There are 45 games left in the season. Acuña needs ten more home runs and fourteen stolen bases to become just the fifth member in major league history of the 40/40 club. The other four were Alex Rodriguez, Jose Canseco, Barry Bonds – who were all known juicers – and Alfonso Soriano. Acuña has a chance to be the second player ever to join the 40/40 club without the use of steroids. Here are his numbers in the second half of the season:
Acuña since July 12th (26 games): .304/.370/.574, .944 OPS, four doubles, nine home runs, 22 RBIs, 13 stolen bases
If he produces at a similar rate over his next 26 games, he would be one home run and one stolen base shy of 40 bombs and 40 swipes with 19 games remaining. So not only is 30/30 a foregone conclusion, 40/40 is well within striking distance. Stats are not why Acuña plays the game, but he knows he is sniffing a territory few players will ever have a shot at, and if he can get the ten home runs, the steals will come with ease.

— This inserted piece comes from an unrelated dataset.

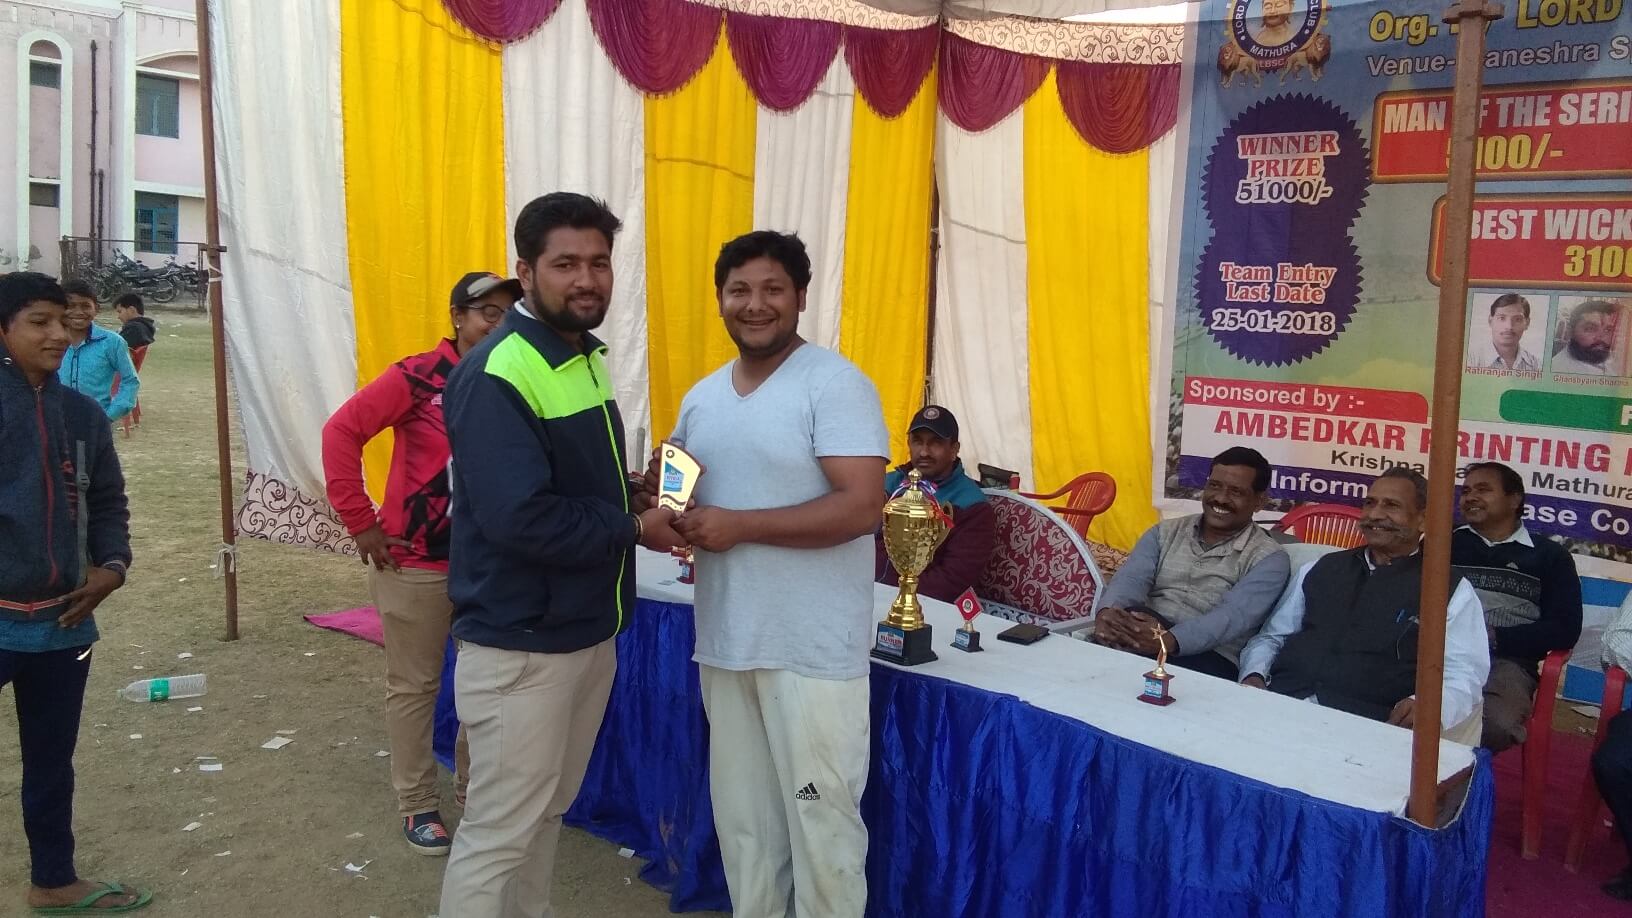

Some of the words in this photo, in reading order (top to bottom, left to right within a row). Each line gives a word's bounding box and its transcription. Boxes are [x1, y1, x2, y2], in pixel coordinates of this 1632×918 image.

To the outside world, people may wonder why Braves Country is so incredibly in love with this 21-year-old bundle of joy. It’s because he is the entire package. He hits for contact, drops bombs, fields his position, guns runners down from the outfield, steals bases, hustles, and does it all with a smile on his face. The stage was never too big for him. He is a bonafide superstar, and when Mike Trout eventually wants to crown someone else the best player in baseball, Acuña will be waiting patiently at his throne – as he does for Kelsey Wingert’s pre-game reports.